Exercise material:
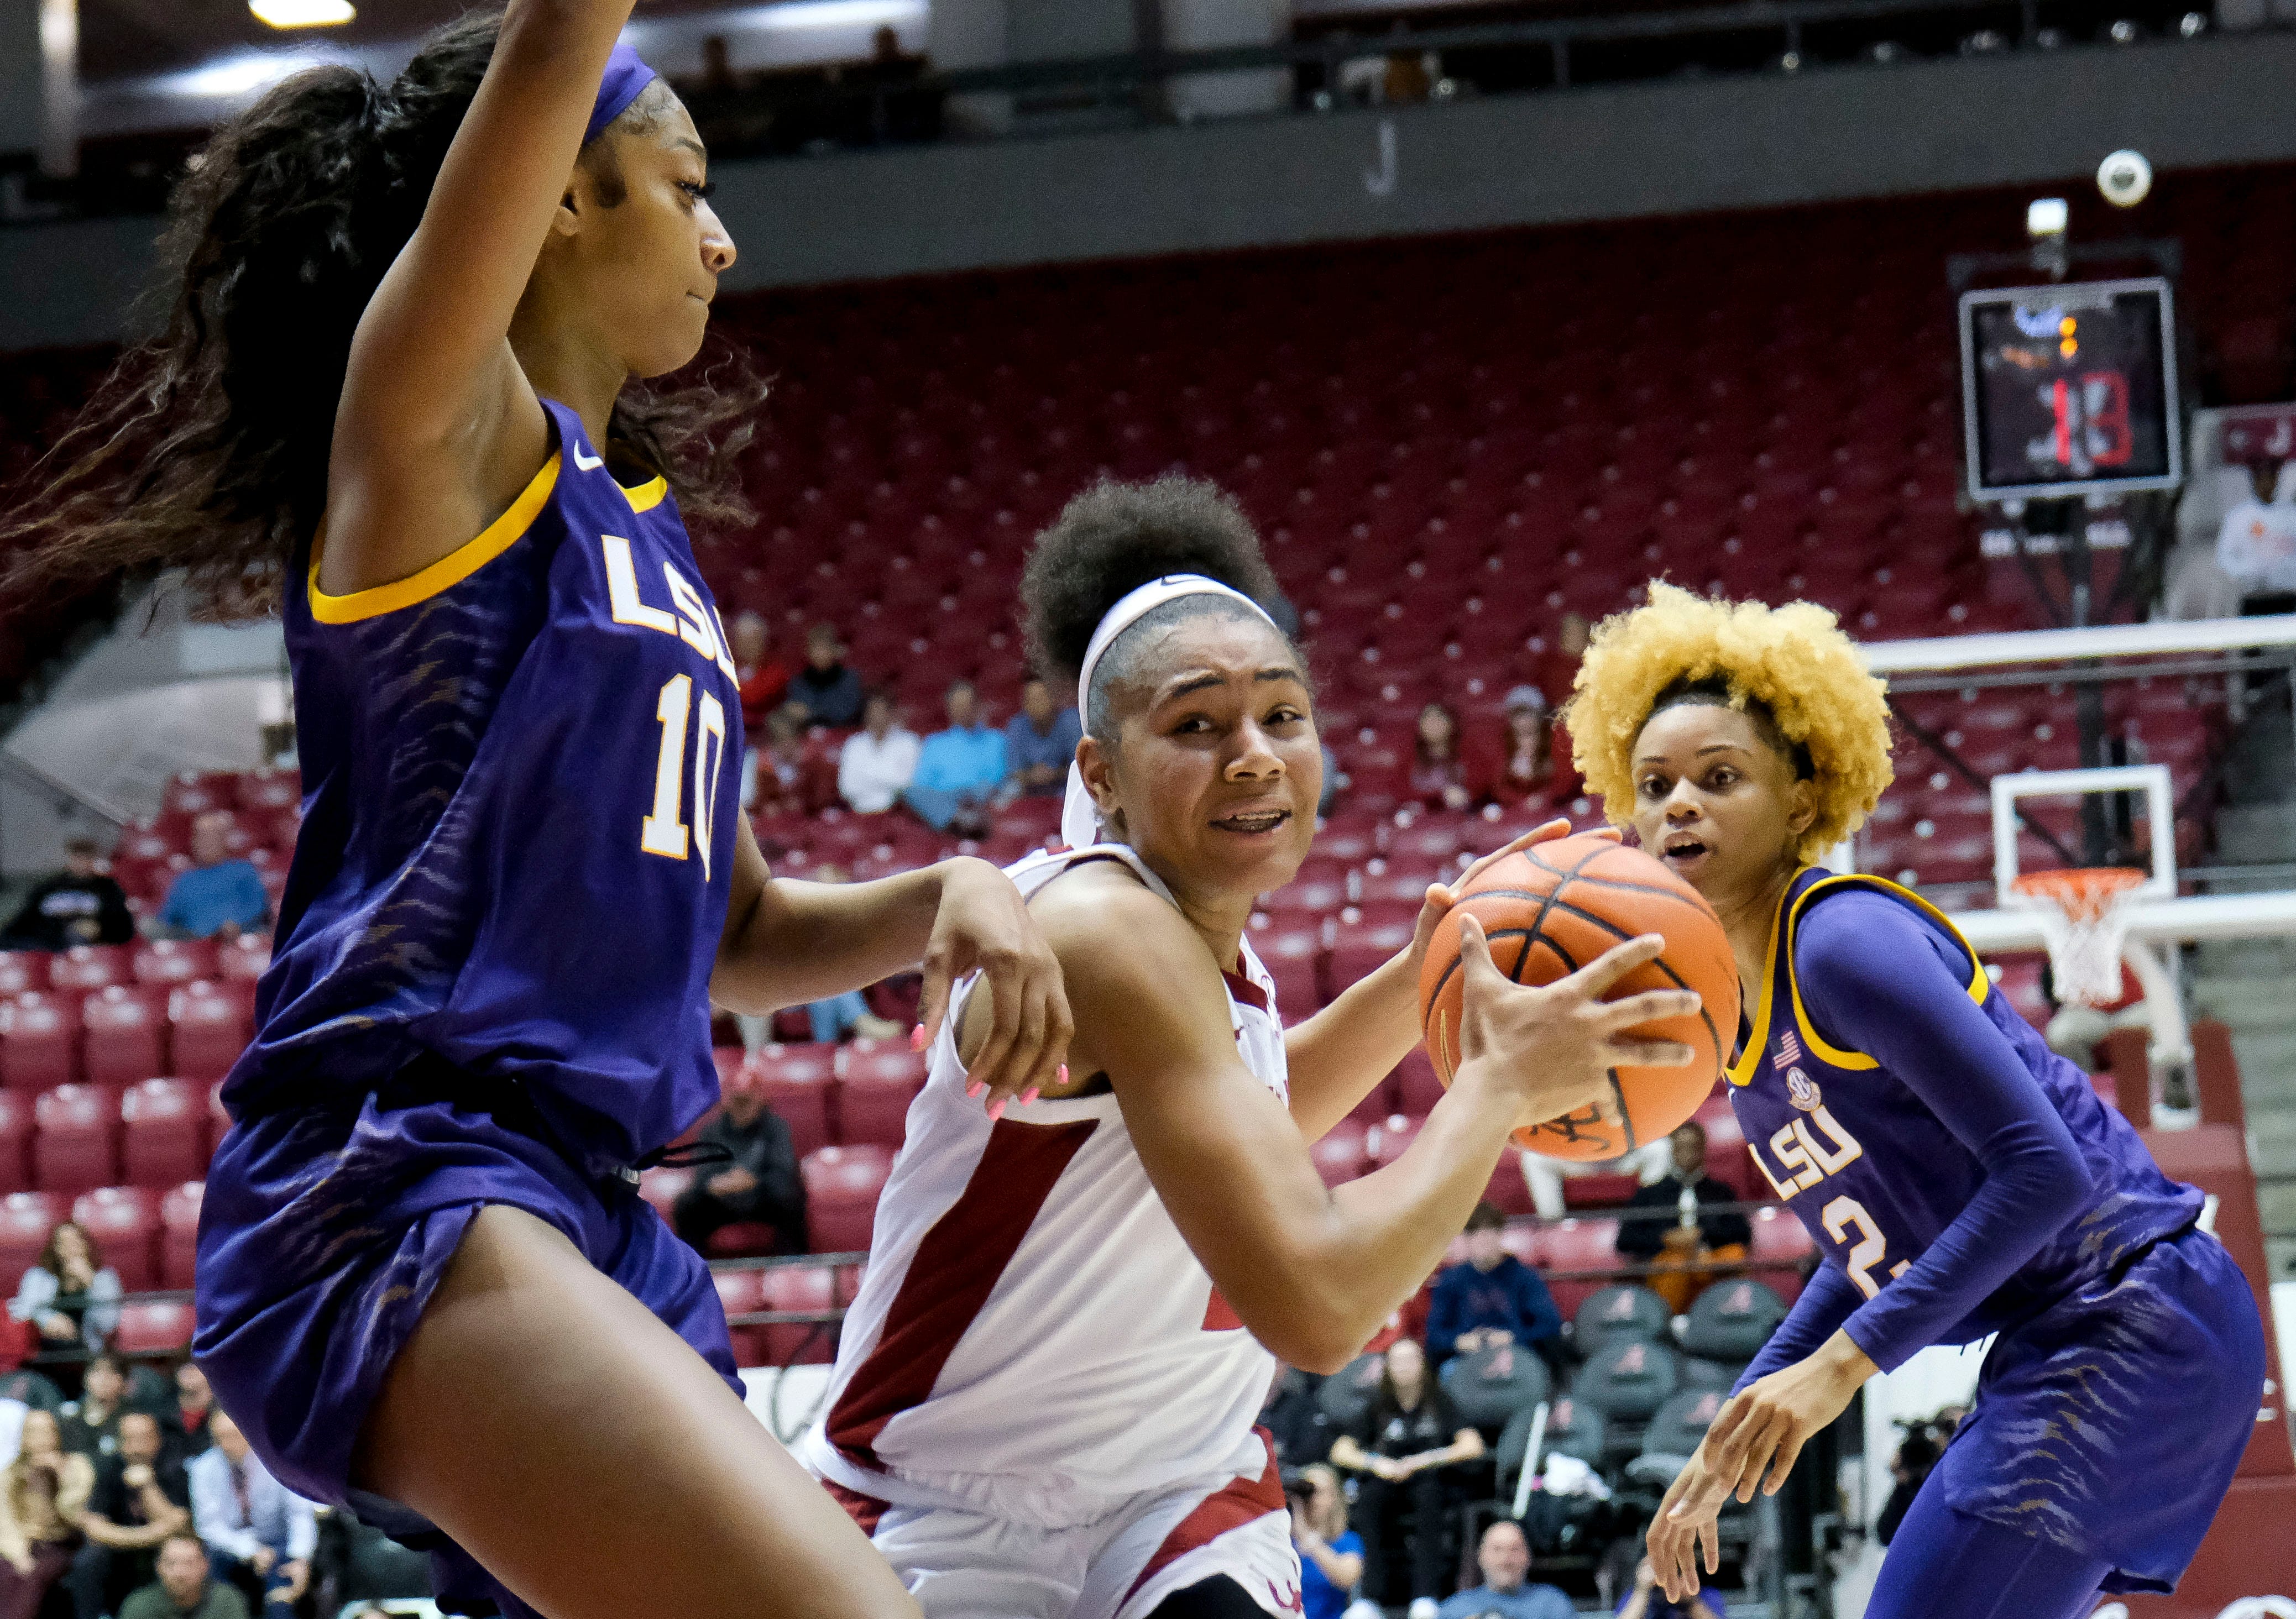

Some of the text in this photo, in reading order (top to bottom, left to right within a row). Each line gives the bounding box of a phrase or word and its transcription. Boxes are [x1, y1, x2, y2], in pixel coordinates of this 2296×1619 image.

[601, 535, 740, 691] LSU
[641, 673, 725, 882] 10
[1748, 1104, 1863, 1202] LSU
[1822, 1195, 1912, 1300] 2

What you have to do: Skipping any pictures, copy the entries exactly as they appear.

Final answer:
Some of the text in this photo, in reading order (top to bottom, left to right within a row). Each line gives the bounding box of a phrase or word and its transcription. Boxes are [x1, y1, x2, y2], in pixel coordinates of this 2296×1619 image.

[601, 535, 740, 691] LSU
[641, 673, 725, 882] 10
[1748, 1104, 1863, 1202] LSU
[1822, 1195, 1912, 1300] 2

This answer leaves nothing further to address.